Sure, the Seanad referendum will exercise some minds. And there is the longer term perspective of the European and local elections of next year.
The focus for most Irish people will be how their finances will look after Michael Noonan’s budget.
Much is at stake in the new term for all parties. The Government parties, Fine Gael and Labour, will be looking to the summer elections with a degree of unease.The questions are many. Will voters, weary of austerity, take their anger out on them?
Have Fianna Fail been sufficiently forgiven to see a relatively successful election for the party?
With Independents doing consistently well in the polls, there could be support for those candidates outside the mainstream parties.
Labour has an uphill battle to win back the confidence of those voters who swung behind it in the last general election.
There seems to be a grim inevitability about Labour’s participation in government after voters show them strong support in an election. For some reason, they appear destined to be hammered as they are saddled with all the responsibilities for what went wrong and none of the kudos for real achievements.
Nerves will be frayed on the Labour benches, but any defections could be pointless at this stage. The party’s best hope is to work harder at getting its message across and convince voters that sometimes the devil you know in government can be better than the devil not too well known.
Much of the party’s problems come from inflated election promises. Perhaps some clarification of those ill-judged policy statements from party leader Eamon Gilmore might just restore some of Labour’s fortunes.
On the Opposition benches, the battle for supremacy will continue between Fianna Fail and Sinn Fein, with next summer’s elections heightening the tension between them. In the run-up to the centenary of the Easter Rising in 2016, both parties are claiming a republican heritage.
Those within Fianna Fail and Sinn Fein, with their ears to the ground, privately admit that claiming a republican past is largely irrelevant to the vast majority of the Irish people.
Perhaps if the economy was doing better, and people were not so exhausted from mainly bad news, a debate on republicanism might engage some voters.
But harking back to Pearse and Connolly and the other leaders will not impress people who look at a society that is in shambles and makes a mockery of the high hopes and aspirations of the Proclamation.
Micheal Martin and Gerry Adams will battle it out to dominate the Opposition benches at Question Time, but the public will be more interested in economic policies than in a war for individual supremacy.
All parties privately admit that the Seanad referendum is not engaging voters.
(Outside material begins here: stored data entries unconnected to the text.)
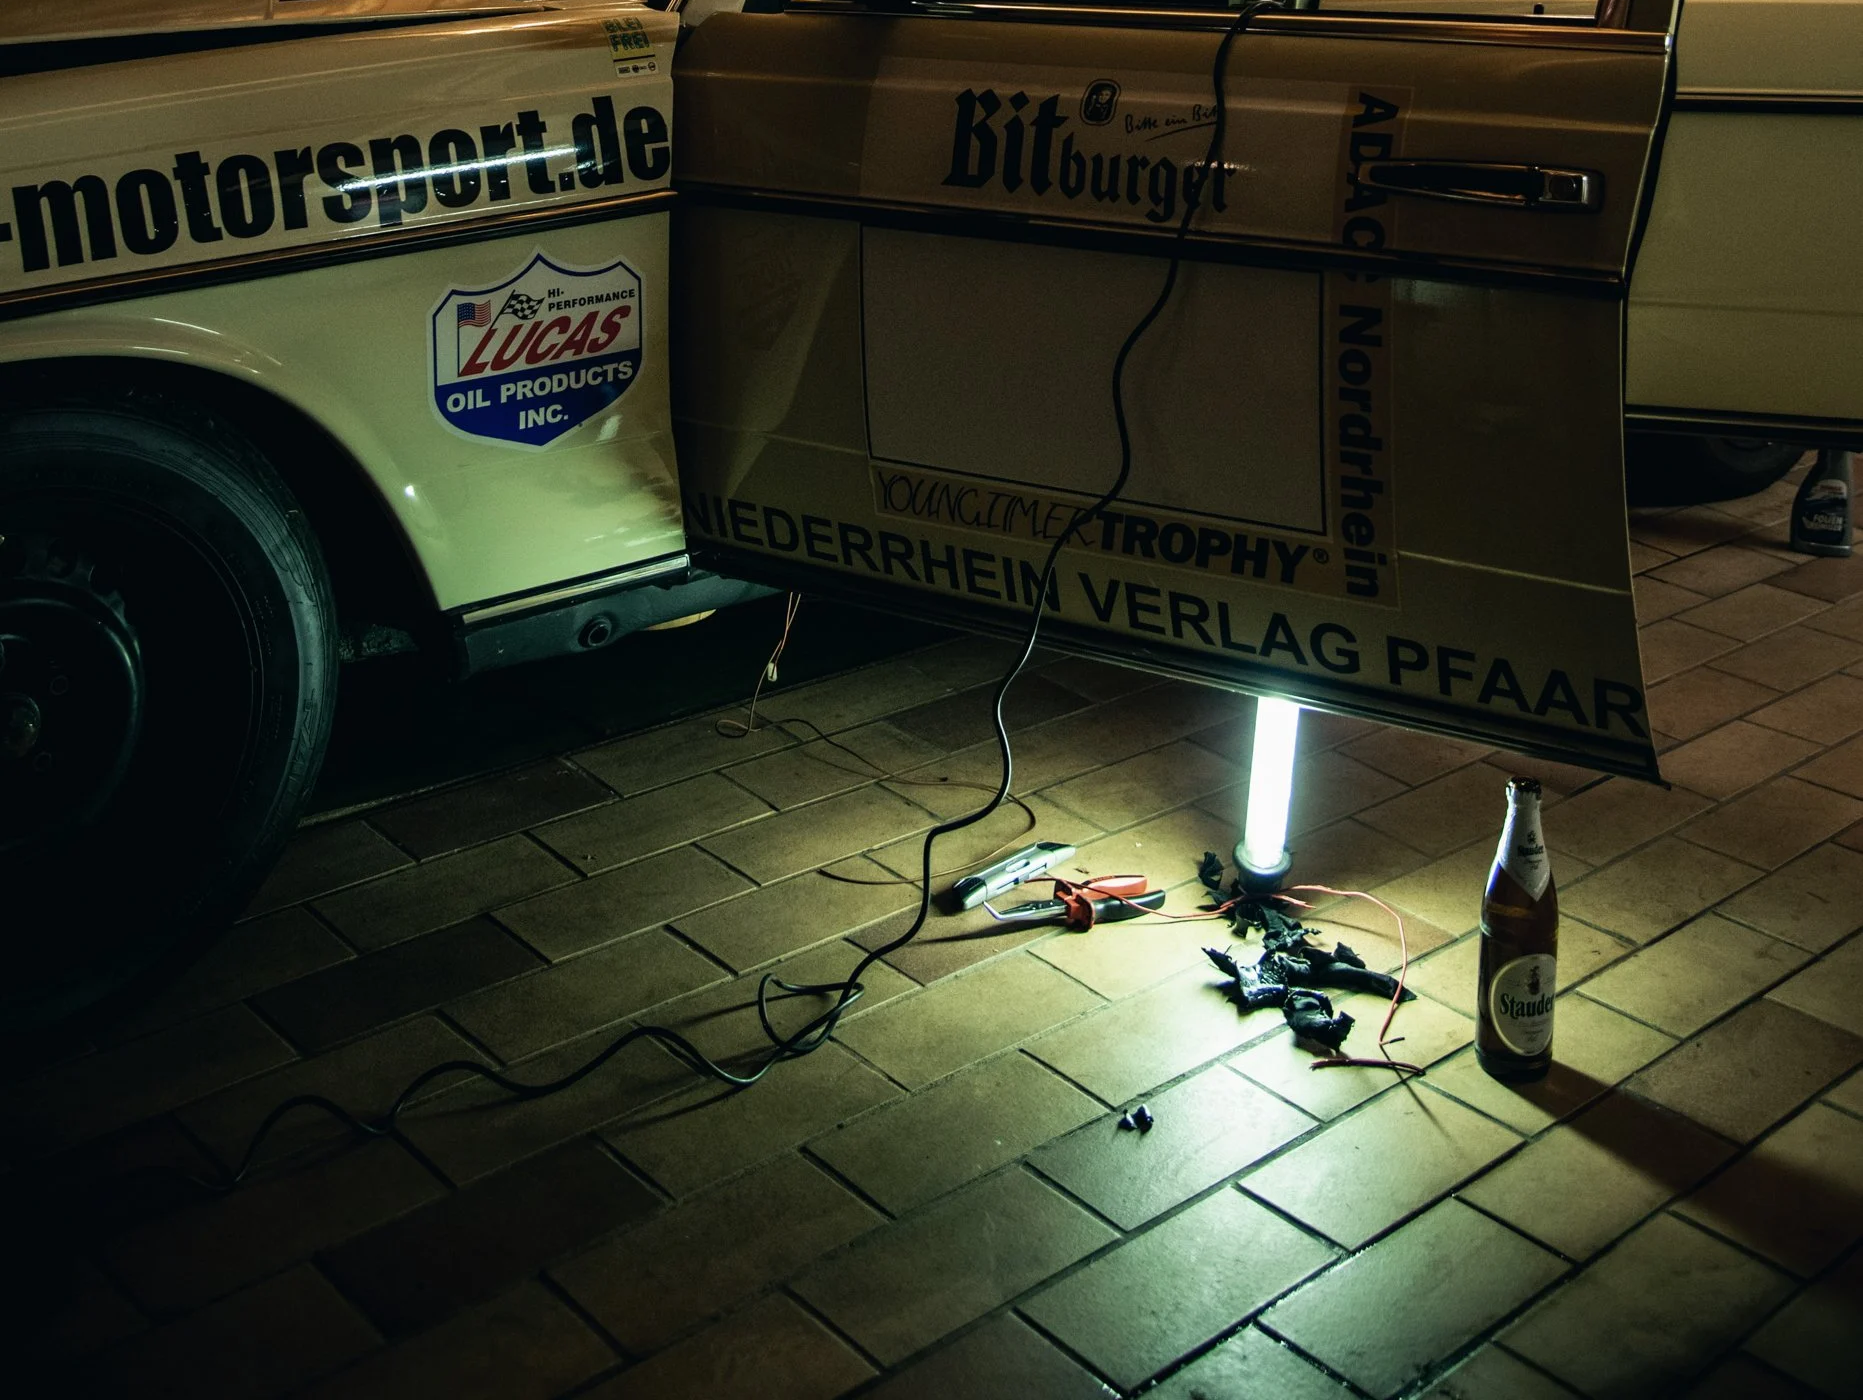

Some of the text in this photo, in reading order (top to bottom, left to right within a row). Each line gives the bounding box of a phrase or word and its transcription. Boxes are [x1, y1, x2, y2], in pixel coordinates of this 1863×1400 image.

[941, 88, 1236, 222] Bitburger
[548, 289, 636, 311] PERFORMANCE
[460, 305, 631, 377] LUCAS
[1338, 92, 1400, 597] ADAC Nordrhein
[446, 360, 633, 413] OIL PRODUCTS
[518, 404, 569, 430] INC.
[683, 490, 1649, 738] NIEDERRHEIN VERLAG PFAAR
The consensus is that those who will vote, in a low turnout, will make up their minds in the last week of the campaign.
Time will tell if the package of Dail reform measures will help make the House a more efficient and democratic parliament.
They are being introduced in the run-up to the Seanad referendum in a bid to persuade voters to support the Government’s proposal to abolish the Upper House.
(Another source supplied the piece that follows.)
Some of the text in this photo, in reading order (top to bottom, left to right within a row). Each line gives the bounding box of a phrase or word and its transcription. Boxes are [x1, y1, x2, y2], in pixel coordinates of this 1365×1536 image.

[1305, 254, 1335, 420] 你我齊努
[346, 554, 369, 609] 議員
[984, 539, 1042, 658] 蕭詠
Dail reform is long overdue. But at the end of the day, governments must govern and Opposition parties must put forward sensible legislative proposals.
In that sense, a government with a big majority, has the wind to its back in terms of getting Bills through the House. It can live with a significant level of defections.
Those Fine Gael TDs and Senators, who lost the party whip for voting against the abortion legislation, are going nowhere in terms of public impact.